# Mud Buddy



## Drwthomas (May 17, 2016)

I'm looking to get a 4400 Black Death mud muddy and I'm not sure if I should get HDR so it has reverse or to just go regular without reverse? Is it really necessary?


----------



## rnelson5 (May 17, 2016)

I have a 4400BD HD. Is it a must to have the HDR? No. If i was going to spend that much money on a new motor and could get reverse for a little more would I? Probablly so. When i bought my HD the HDR was not available. I can say that boat landings especially when you are by yourself or in any water with a current it could come in handy. Also, some places i hunt reverse would be nice.
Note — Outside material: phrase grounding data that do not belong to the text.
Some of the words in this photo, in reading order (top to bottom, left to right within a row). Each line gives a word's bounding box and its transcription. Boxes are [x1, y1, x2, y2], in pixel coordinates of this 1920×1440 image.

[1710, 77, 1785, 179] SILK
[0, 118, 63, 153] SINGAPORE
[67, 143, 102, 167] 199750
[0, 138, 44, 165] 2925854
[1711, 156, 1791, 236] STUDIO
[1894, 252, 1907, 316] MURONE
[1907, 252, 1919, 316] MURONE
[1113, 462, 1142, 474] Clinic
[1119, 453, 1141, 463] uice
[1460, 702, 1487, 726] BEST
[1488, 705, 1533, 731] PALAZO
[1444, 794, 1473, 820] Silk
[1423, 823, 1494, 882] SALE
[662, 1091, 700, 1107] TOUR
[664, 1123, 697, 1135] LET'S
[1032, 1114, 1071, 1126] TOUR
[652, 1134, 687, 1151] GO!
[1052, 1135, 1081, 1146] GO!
I find you miss reverse the most is when you are by yourself .


----------



## MudDucker (May 18, 2016)

I've had several mudbuddies, including one of the first doz 35 hp motors.  I now have the HDR.  I like reverse, especially for retrieving decoys and moving around marinas.


----------



## krazybronco2 (May 18, 2016)

i have only had my 44HDR for 3 days but reverse is very nice so far. it doesnt pull like i was expecting it would (i was thinking outboard) but it does move and makes pulling up to a boat dock or leaving the bank alot easier and sure when picking up decoys it will make life alot easier.


----------



## Gaducker (May 18, 2016)

krazybronco2 said:


> i have only had my 44HDR for 3 days but reverse is very nice so far. it doesnt pull like i was expecting it would (i was thinking outboard) but it does move and makes pulling up to a boat dock or leaving the bank alot easier and sure when picking up decoys it will make life alot easier.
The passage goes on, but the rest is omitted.